I've had seven miscarriages total yet I have two beautiful miracle children to prove I CAN carry to term. Even though I've had even more difficulty sustaining a pregnancy since my DD was born two years ago, I just found out I have had an infection that can cause clotting issues and miscarriage (both of which I've struggled with since my DS was born 3 1/2 years ago). It's likely I've had this infection since I had my DS and it's the cause of my bleeding issues. We also discovered with my last mc in July, that I have a problem with low progesterone. We had assumed this but it was confirmed this time so there's another piece to the puzzle.

So, there is light at the end of the tunnel. That tunnel might seem long and horribly endless but, after five and half years of unexplained miscarriages and pregnancy complications, I'm FINALLY finding answers. I'm getting there and I'm certain you will too.
 
OP- I am so, so sorry that you're going through this again. :nope: It is so completely unfair. I love your attitude though and I hope you get your rainbow baby soon!! You guys definitely deserve it!! :hugs:

Now I wish I never told anyone. I can't bear to face anyone, especially at work.
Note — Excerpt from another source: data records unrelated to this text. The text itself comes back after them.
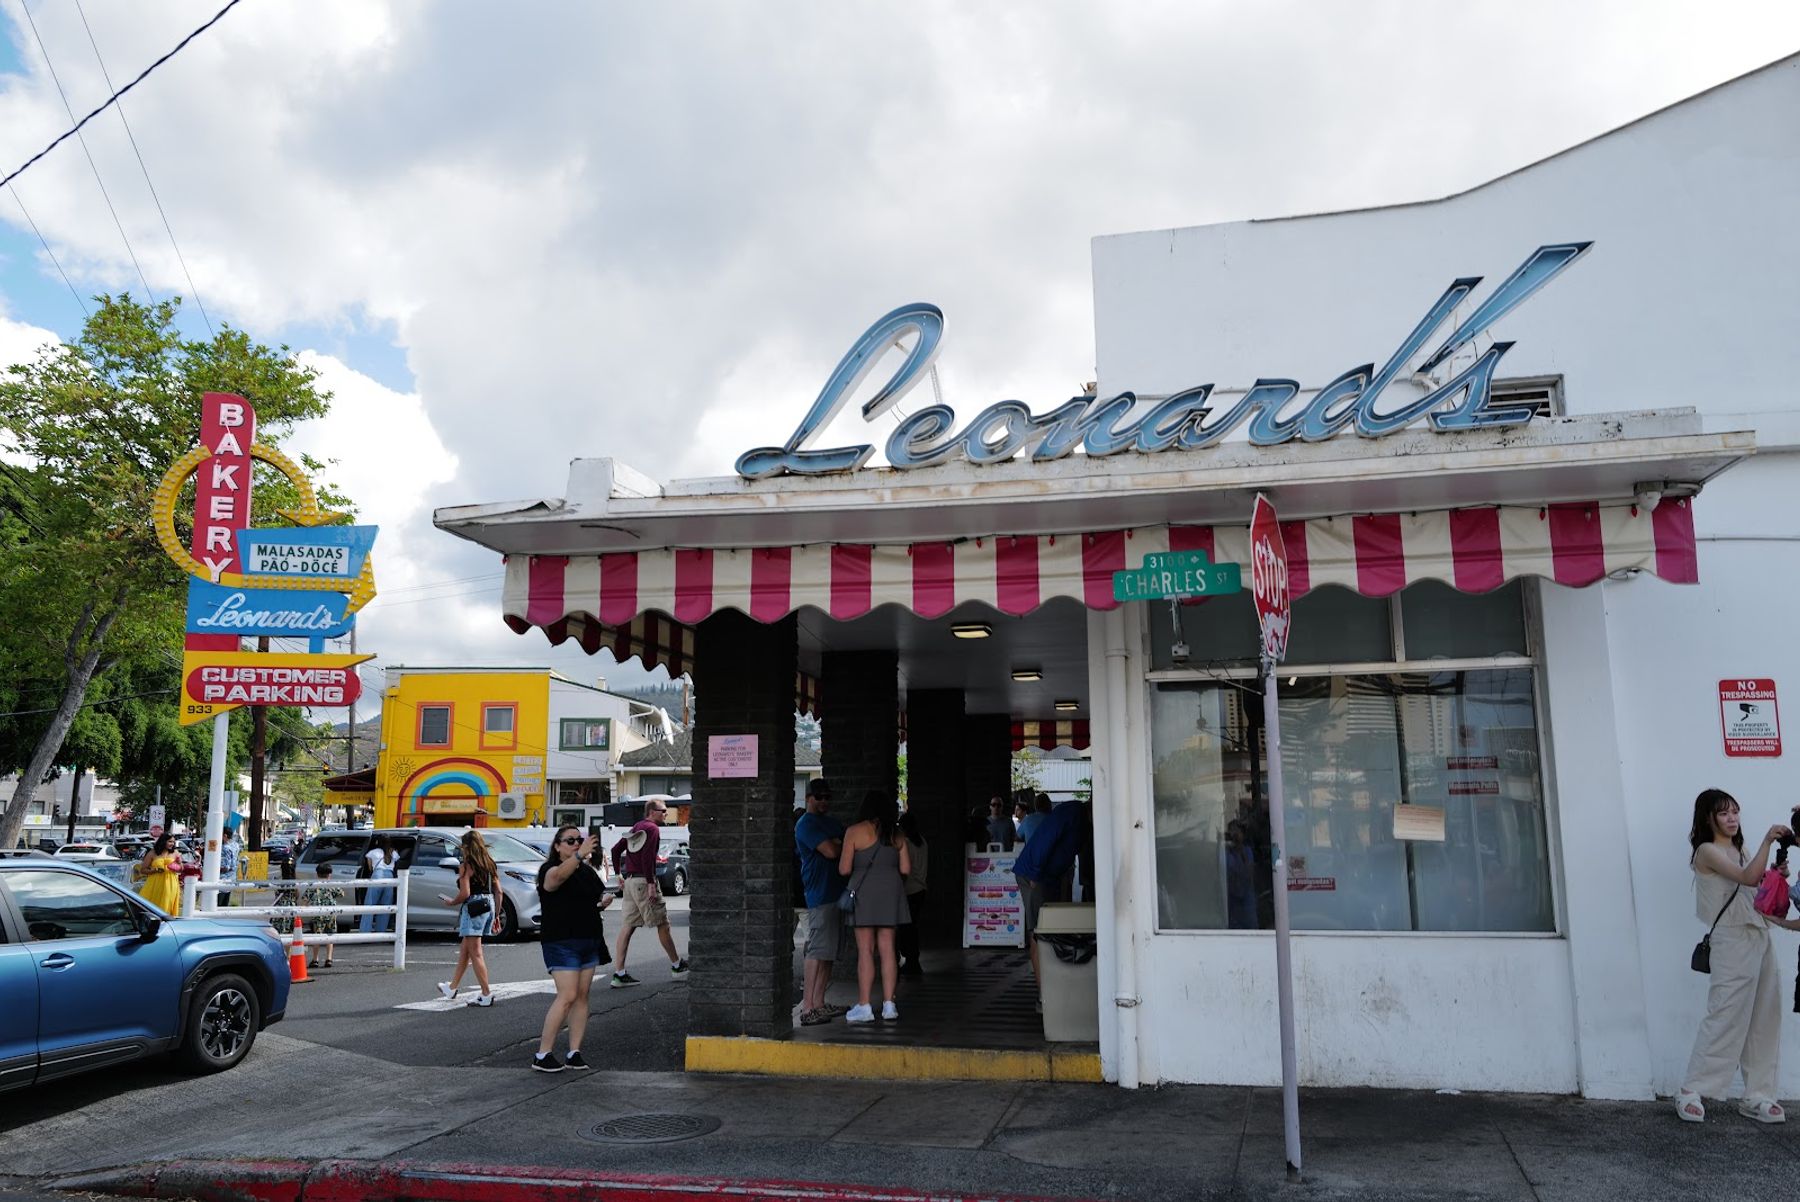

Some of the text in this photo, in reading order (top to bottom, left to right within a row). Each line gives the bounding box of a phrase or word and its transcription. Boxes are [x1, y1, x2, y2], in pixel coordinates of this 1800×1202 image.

[735, 241, 1595, 481] Leonard's
[202, 402, 245, 584] BAKERY
[257, 545, 343, 560] MALASADAS
[1125, 569, 1207, 596] CHARLES
[1254, 540, 1287, 610] STOP
[197, 592, 341, 629] Leonard's
[201, 667, 346, 685] CUSTOMER
[1737, 681, 1756, 690] NO
[204, 684, 344, 703] PARKING
[1721, 691, 1775, 699] TRESPASSING
[187, 705, 213, 714] 933
Calvin, I'm so sorry you're feeling this way now. I assume since the D&C was so recent that you haven't gone back to work yet? Hopefully you'll find that your co-workers are really supportive. I'm really glad that my bosses knew about my pregnancy because they were WONDERFUL during my loss. One of them brought me flowers and they both kept offering to give me time off or cover my workload for me if I needed to take it easy. It was wonderful to have one more support network and to know that work would understand if I was having an off day.
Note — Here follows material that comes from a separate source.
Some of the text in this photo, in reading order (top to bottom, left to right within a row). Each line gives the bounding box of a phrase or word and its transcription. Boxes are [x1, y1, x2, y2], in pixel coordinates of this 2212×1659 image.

I work in a nursing home as a nurse. It's rough because there are 4 other pregnant employees there. One is about to give birth, the others are about 8-10 weeks pregnant. It's going to be hard to see them grow, and not be there with them. :cry:

My D&C was just a couple days ago. They gave me 11 days off, which is a bit much, but I'm a bit appreciative of it. Everyone knew I was pregnant, and when I get back to work, chances are only some people will have heard about my loss. I feel ashamed to face the one's who will still think I'm pregnant. Maybe it's silly, I just don't anyone to say a thing about it. I want them to pretend they never knew in the first place.